> [Your task]:
Please transcribe the data that follows without the pictures, keeping every word the same.

(Dataset entries)
----
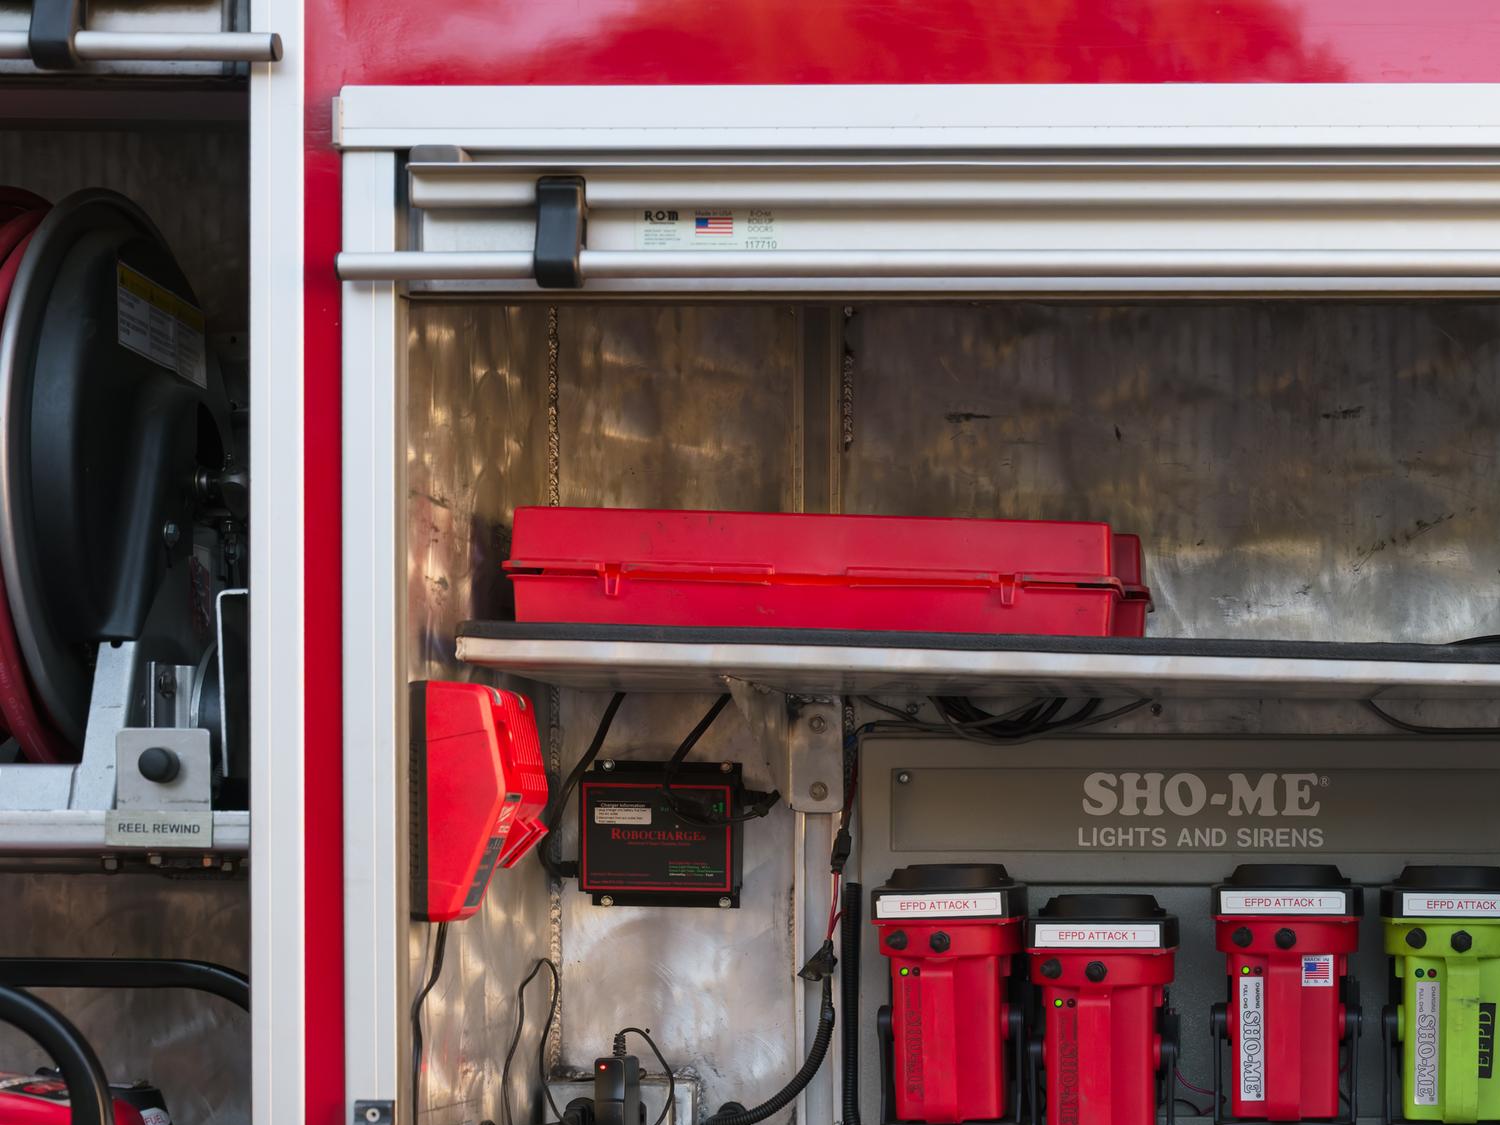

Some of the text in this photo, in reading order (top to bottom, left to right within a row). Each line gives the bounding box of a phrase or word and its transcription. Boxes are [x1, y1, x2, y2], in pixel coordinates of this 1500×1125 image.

[747, 225, 774, 233] DOORS
[1082, 771, 1321, 817] SHO-ME
[118, 823, 200, 834] REEL REWIND
[1078, 827, 1324, 848] LIGHTS AND SIRENS
[900, 901, 927, 911] EFPD
[929, 901, 970, 911] ATTACK
[1244, 898, 1272, 907] EFPD
[1274, 898, 1314, 907] ATTACK
[1426, 901, 1454, 910] EFPD
[1457, 901, 1497, 910] ATTACK
[1058, 931, 1085, 940] EFPD
[1088, 931, 1129, 940] ATTACK
[1478, 1011, 1492, 1068] EFPD
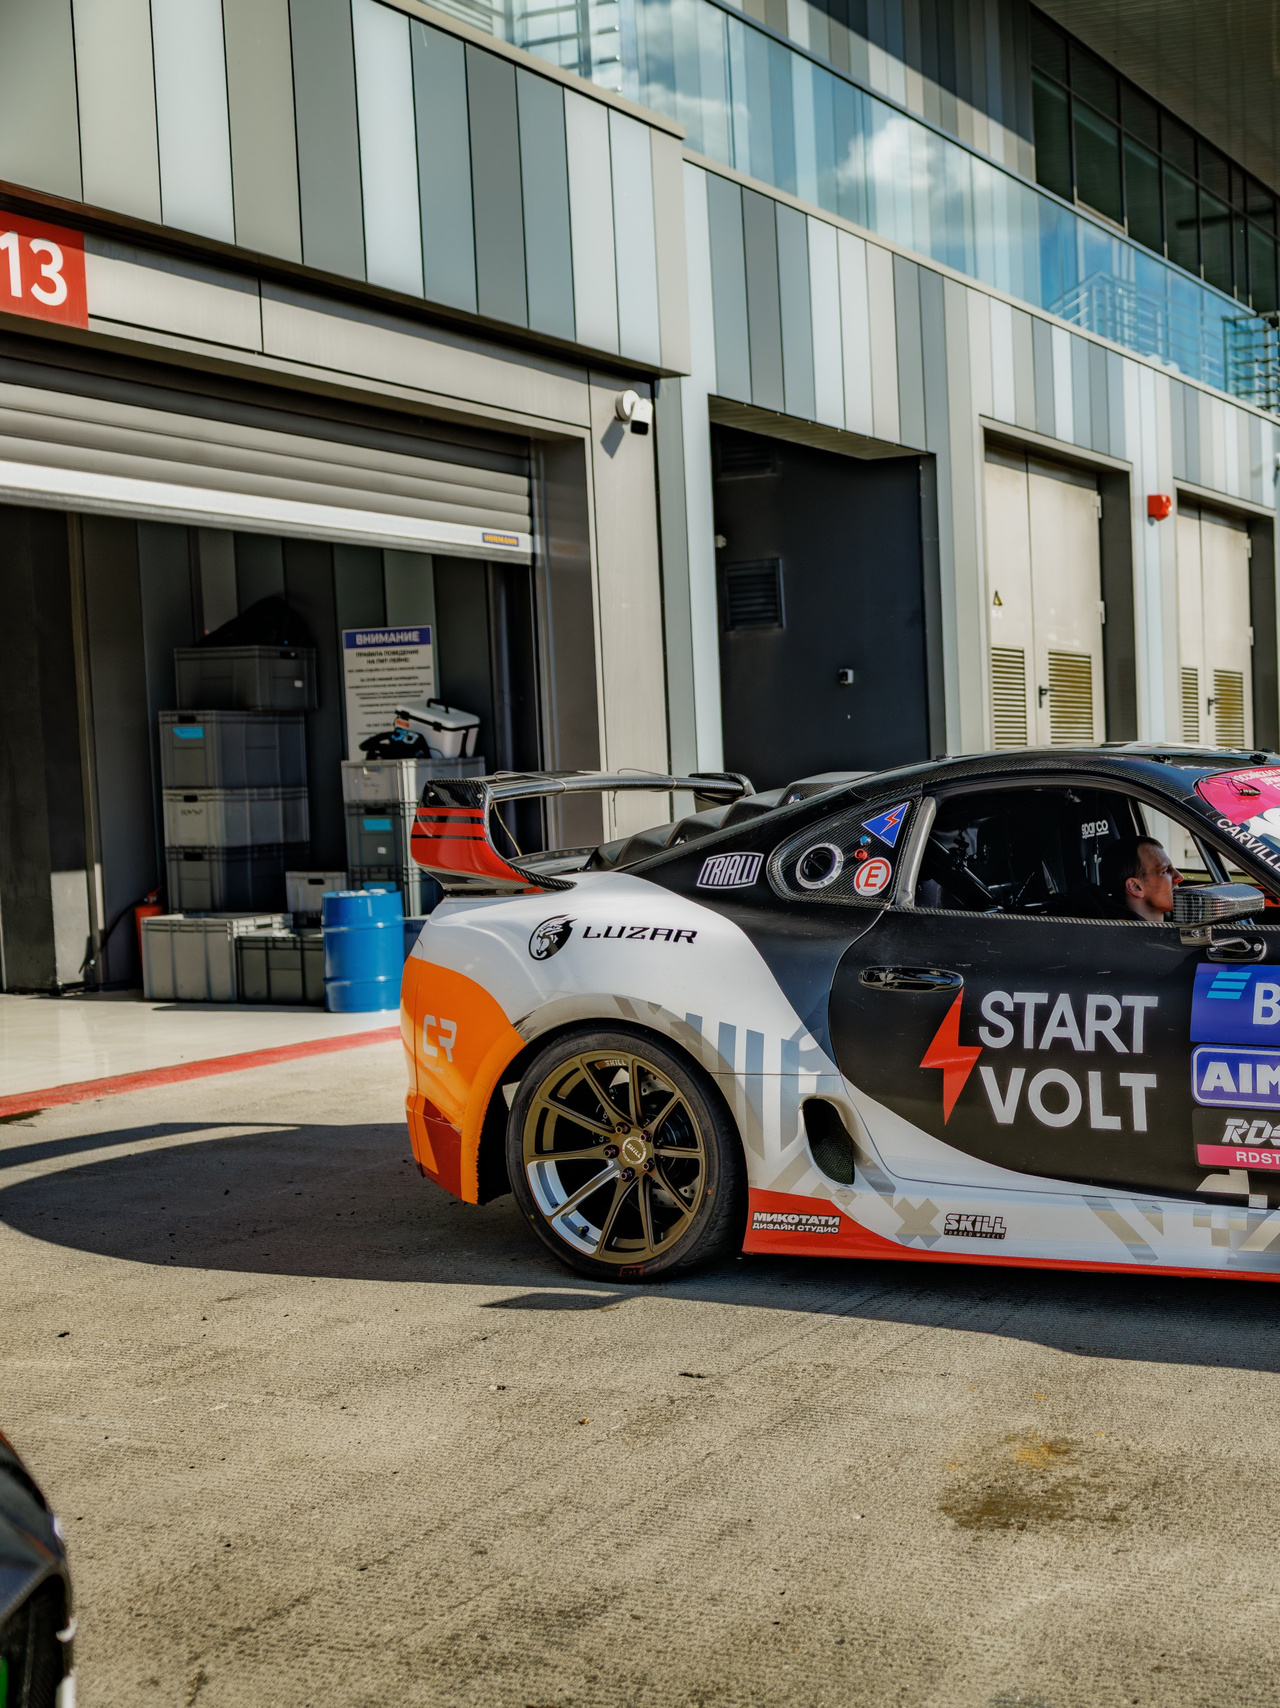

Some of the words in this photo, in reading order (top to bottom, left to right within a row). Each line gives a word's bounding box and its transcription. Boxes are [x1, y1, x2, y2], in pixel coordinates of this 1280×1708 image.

[0, 230, 68, 307] 13
[355, 630, 421, 646] ВНИМАНИЕ
[702, 855, 759, 886] TRIALLI
[863, 866, 882, 887] E
[582, 926, 698, 944] LUZAR
[978, 990, 1159, 1054] START
[423, 1014, 457, 1063] CR
[604, 1059, 627, 1067] SKILL
[979, 1066, 1157, 1132] VOLT
[752, 1222, 795, 1231] ДИЗАЙН
[797, 1225, 839, 1234] СТУДИО
[753, 1212, 840, 1225] МИКОТАТИ
[945, 1214, 1006, 1233] SKILL
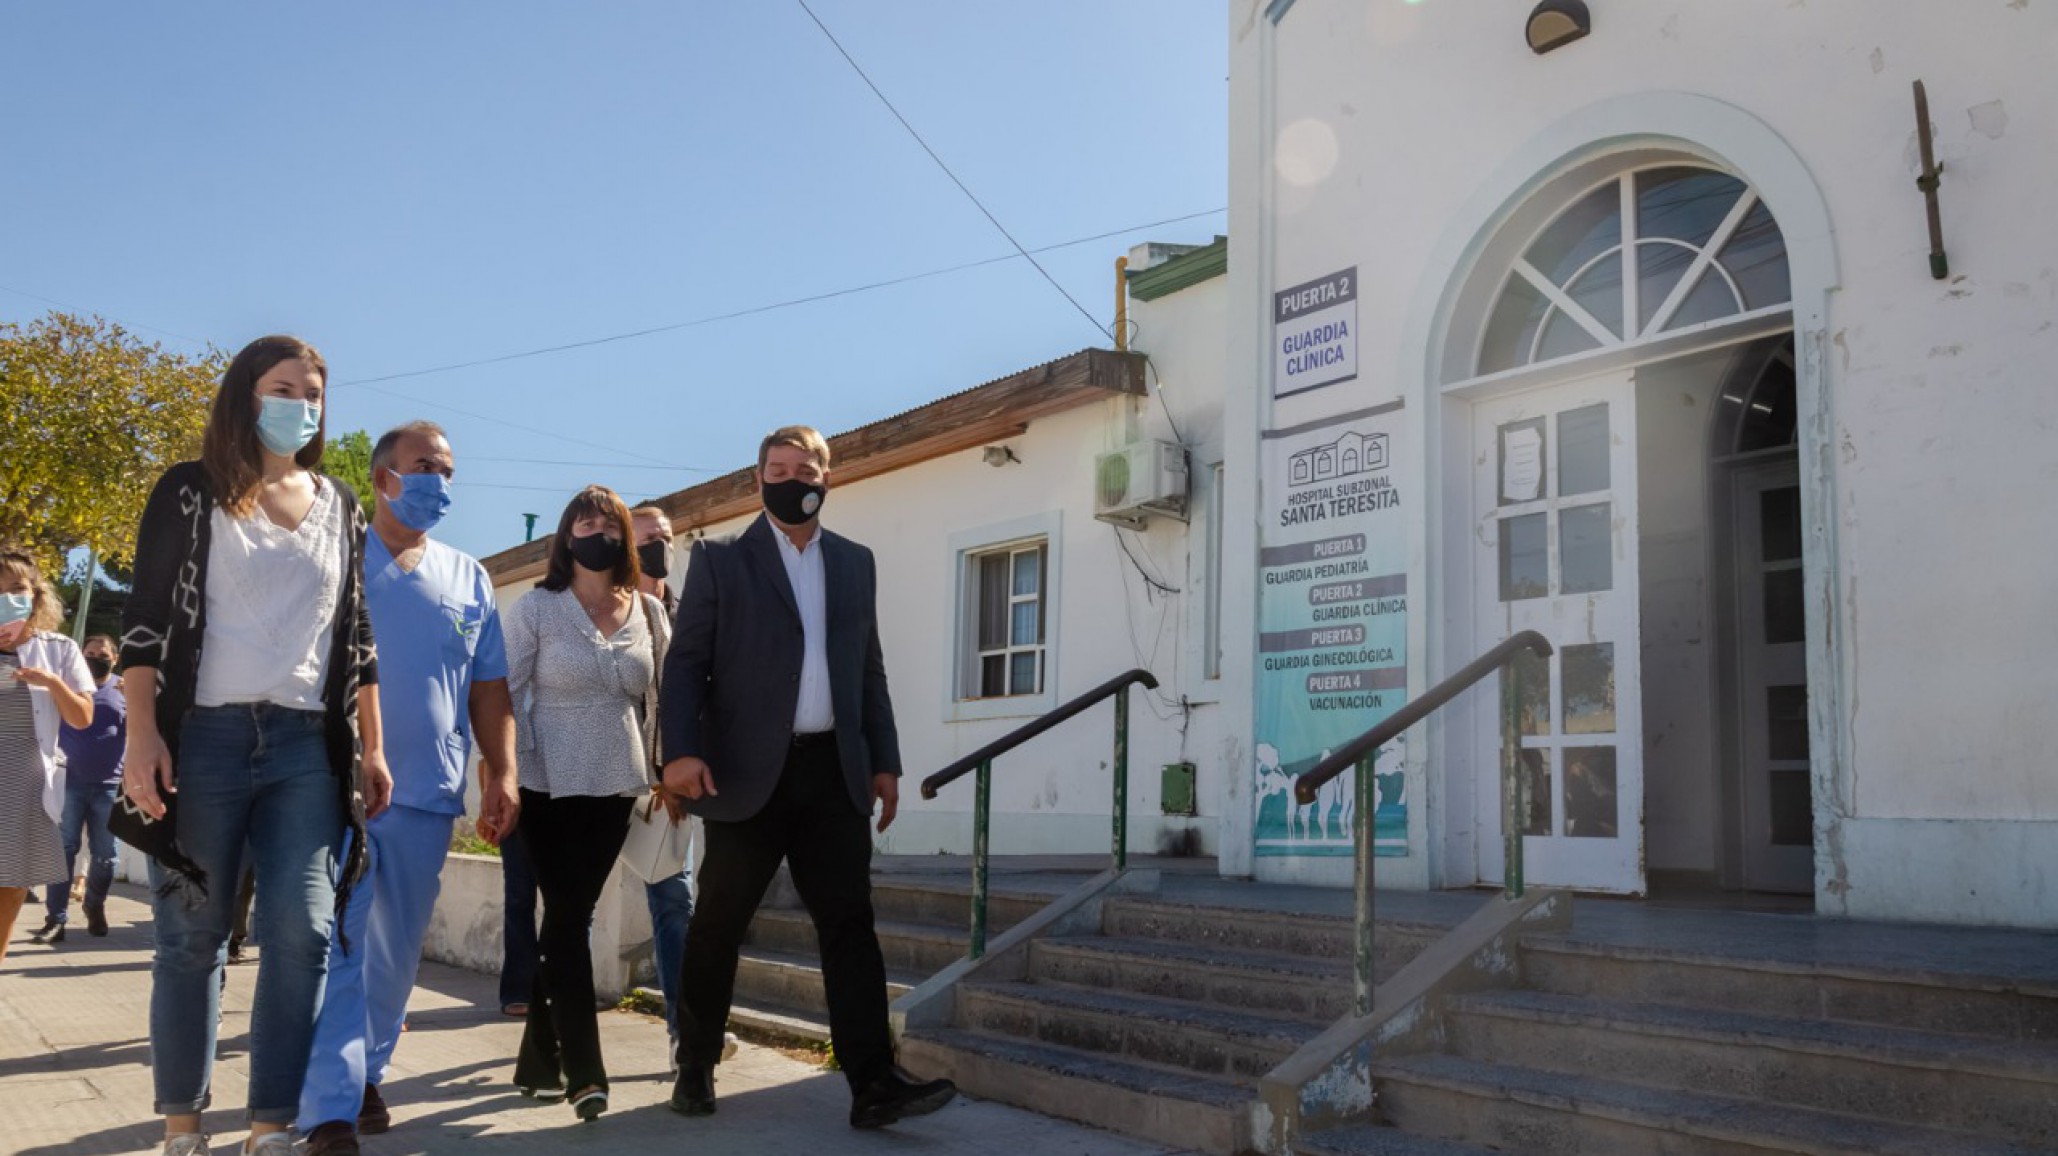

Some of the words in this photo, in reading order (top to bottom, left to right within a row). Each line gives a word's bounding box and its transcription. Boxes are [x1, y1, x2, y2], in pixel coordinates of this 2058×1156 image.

[1281, 281, 1337, 315] PUERTA
[1339, 276, 1350, 295] 2
[1283, 320, 1348, 354] GUARDIA
[1287, 344, 1345, 376] CLÍNICA
[1288, 486, 1334, 506] HOSPITAL
[1337, 475, 1392, 496] SUBZONAL
[1281, 502, 1326, 527] SANTA
[1330, 488, 1400, 518] TERESITA
[1314, 539, 1354, 556] PUERTA
[1356, 536, 1363, 550] 1
[1266, 568, 1313, 584] GUARDIA
[1315, 558, 1369, 578] PEDIATRÍA
[1312, 585, 1354, 602] PUERTA
[1355, 583, 1363, 597] 2
[1312, 604, 1361, 622] GUARDIA
[1363, 597, 1407, 616] CLÍNICA
[1311, 628, 1354, 645] PUERTA
[1354, 627, 1362, 641] 3
[1265, 655, 1310, 671] GUARDIA
[1312, 648, 1393, 667] GINECOLÓGICA
[1309, 675, 1352, 690] PUERTA
[1353, 674, 1361, 688] 4
[1309, 691, 1382, 710] VACUNACIÓN
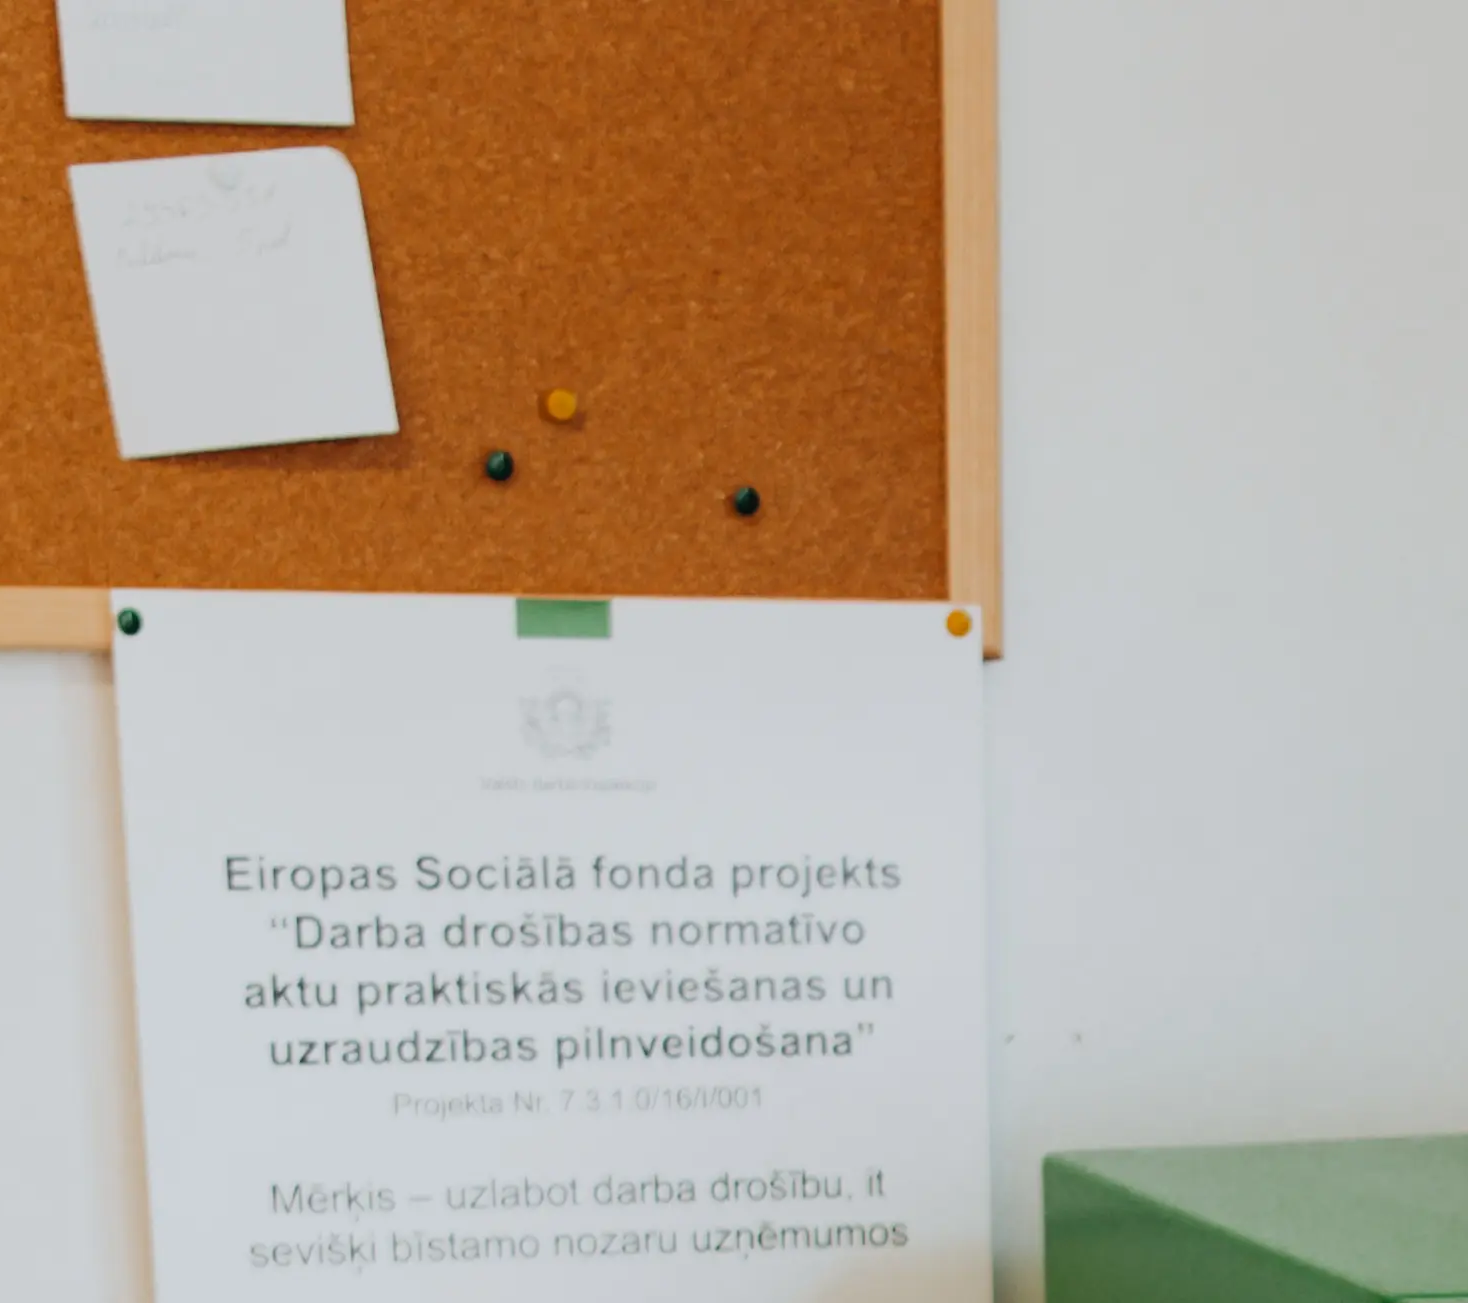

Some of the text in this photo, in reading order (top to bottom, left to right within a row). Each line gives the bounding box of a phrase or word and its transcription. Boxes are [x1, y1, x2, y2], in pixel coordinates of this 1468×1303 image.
----
> [Output for this exercise]:
Some of the text in this photo, in reading order (top to bottom, left to right within a row). Each line gives the bounding box of a phrase or word and its transcription. Boxes are [x1, y1, x2, y2], in pixel coordinates of this 1500×1125 image.

[747, 225, 774, 233] DOORS
[1082, 771, 1321, 817] SHO-ME
[118, 823, 200, 834] REEL REWIND
[1078, 827, 1324, 848] LIGHTS AND SIRENS
[900, 901, 927, 911] EFPD
[929, 901, 970, 911] ATTACK
[1244, 898, 1272, 907] EFPD
[1274, 898, 1314, 907] ATTACK
[1426, 901, 1454, 910] EFPD
[1457, 901, 1497, 910] ATTACK
[1058, 931, 1085, 940] EFPD
[1088, 931, 1129, 940] ATTACK
[1478, 1011, 1492, 1068] EFPD

Some of the words in this photo, in reading order (top to bottom, left to right within a row). Each line gives a word's bounding box and its transcription. Boxes are [x1, y1, x2, y2], in pixel coordinates of this 1280×1708 image.

[0, 230, 68, 307] 13
[355, 630, 421, 646] ВНИМАНИЕ
[702, 855, 759, 886] TRIALLI
[863, 866, 882, 887] E
[582, 926, 698, 944] LUZAR
[978, 990, 1159, 1054] START
[423, 1014, 457, 1063] CR
[604, 1059, 627, 1067] SKILL
[979, 1066, 1157, 1132] VOLT
[752, 1222, 795, 1231] ДИЗАЙН
[797, 1225, 839, 1234] СТУДИО
[753, 1212, 840, 1225] МИКОТАТИ
[945, 1214, 1006, 1233] SKILL

Some of the words in this photo, in reading order (top to bottom, left to right within a row). Each line gives a word's bounding box and its transcription. Boxes are [x1, y1, x2, y2], in pixel coordinates of this 2058×1156 image.

[1281, 281, 1337, 315] PUERTA
[1339, 276, 1350, 295] 2
[1283, 320, 1348, 354] GUARDIA
[1287, 344, 1345, 376] CLÍNICA
[1288, 486, 1334, 506] HOSPITAL
[1337, 475, 1392, 496] SUBZONAL
[1281, 502, 1326, 527] SANTA
[1330, 488, 1400, 518] TERESITA
[1314, 539, 1354, 556] PUERTA
[1356, 536, 1363, 550] 1
[1266, 568, 1313, 584] GUARDIA
[1315, 558, 1369, 578] PEDIATRÍA
[1312, 585, 1354, 602] PUERTA
[1355, 583, 1363, 597] 2
[1312, 604, 1361, 622] GUARDIA
[1363, 597, 1407, 616] CLÍNICA
[1311, 628, 1354, 645] PUERTA
[1354, 627, 1362, 641] 3
[1265, 655, 1310, 671] GUARDIA
[1312, 648, 1393, 667] GINECOLÓGICA
[1309, 675, 1352, 690] PUERTA
[1353, 674, 1361, 688] 4
[1309, 691, 1382, 710] VACUNACIÓN

Some of the text in this photo, in reading order (top to bottom, left to right within a row). Each line gives the bounding box of a phrase or word and its transcription. Boxes are [x1, y1, x2, y2], in pixel coordinates of this 1468×1303 image.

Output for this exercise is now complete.